Collected data
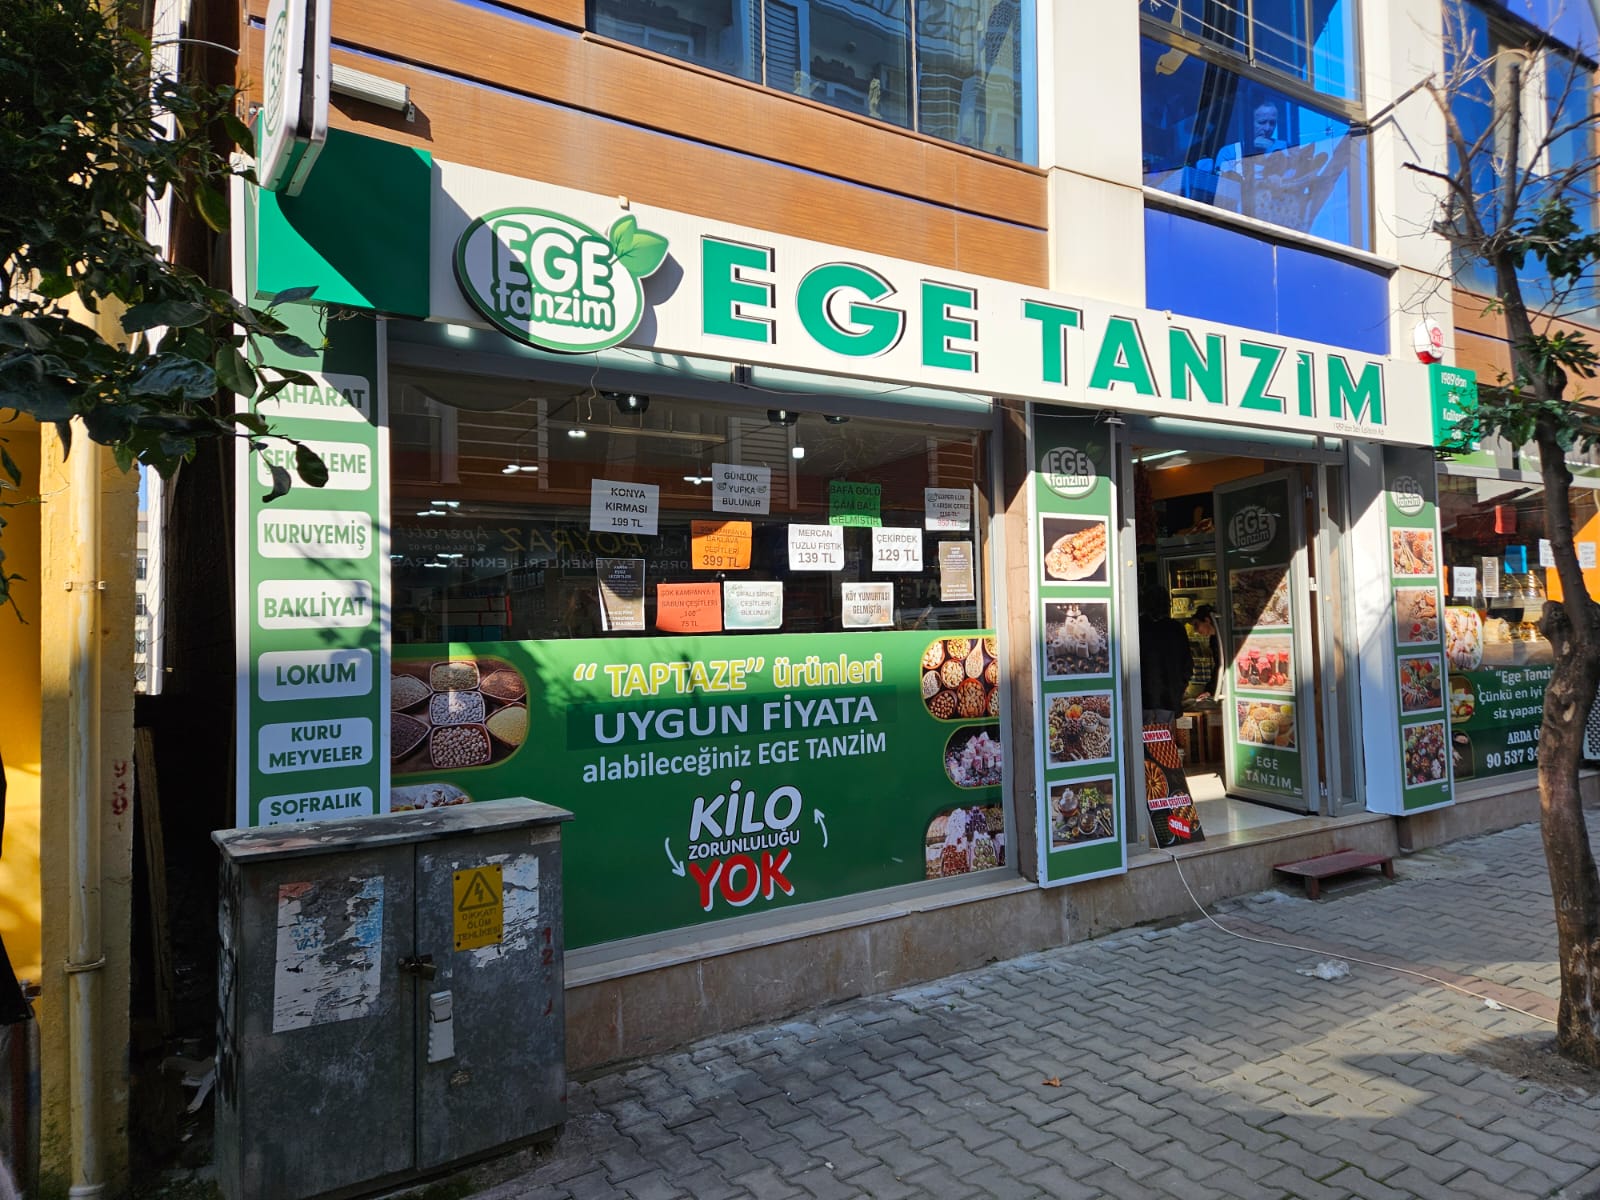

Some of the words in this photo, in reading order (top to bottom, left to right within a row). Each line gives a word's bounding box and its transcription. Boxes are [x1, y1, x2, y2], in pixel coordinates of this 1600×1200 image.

[497, 224, 611, 299] EGE
[496, 280, 612, 328] tanzim
[700, 233, 980, 373] EGE
[270, 383, 365, 409] AHARAT
[263, 449, 366, 475] ŞEKEME
[1050, 451, 1088, 475] EGE
[723, 471, 758, 482] GÜNLÜK
[1050, 473, 1090, 488] tanzim
[610, 487, 646, 499] KONYA
[728, 484, 756, 494] YUFKA
[605, 501, 648, 514] KIRMASI
[722, 497, 761, 508] BULUNUR
[611, 517, 629, 527] 199
[631, 518, 644, 528] TL
[1235, 510, 1270, 537] EGE
[263, 520, 366, 550] KURUYEMİŞ
[798, 529, 833, 538] MERCAN
[876, 533, 918, 544] ÇEKİRDEK
[1238, 530, 1270, 546] tanzim
[791, 541, 817, 550] TUZLU
[878, 549, 900, 561] 129
[903, 549, 919, 562] TL
[703, 554, 724, 567] 399
[727, 556, 741, 568] TL
[798, 552, 819, 563] 139
[821, 553, 836, 564] TL
[263, 592, 366, 618] BAKLİYAT
[276, 662, 357, 686] LOKUM
[772, 652, 883, 688] ürünleri
[1478, 688, 1513, 705] Çünkü
[1514, 689, 1528, 700] en
[1530, 685, 1542, 699] iyi
[594, 703, 749, 744] UYGUN
[762, 694, 879, 732] FİYATA
[1493, 707, 1508, 719] siz
[1509, 705, 1543, 720] yapars
[291, 723, 342, 742] KURU
[1507, 730, 1533, 745] ARDA
[269, 745, 362, 768] MEYVELER
[582, 745, 751, 783] alabileceğiniz
[757, 740, 801, 765] EGE
[804, 729, 887, 760] TANZİM
[1256, 755, 1279, 770] EGE
[1486, 752, 1501, 768] 90
[1504, 748, 1525, 766] 537
[270, 792, 363, 817] SOFRALIK
[688, 779, 803, 842] KİLO
[688, 827, 801, 861] ZORUNLULUĞU
[688, 848, 796, 912] YOK
[467, 918, 492, 930] ÖLÜM

* Task brief *
Number of lines above containing "tanzim": state it and nothing else.

* Solution for this problem *
3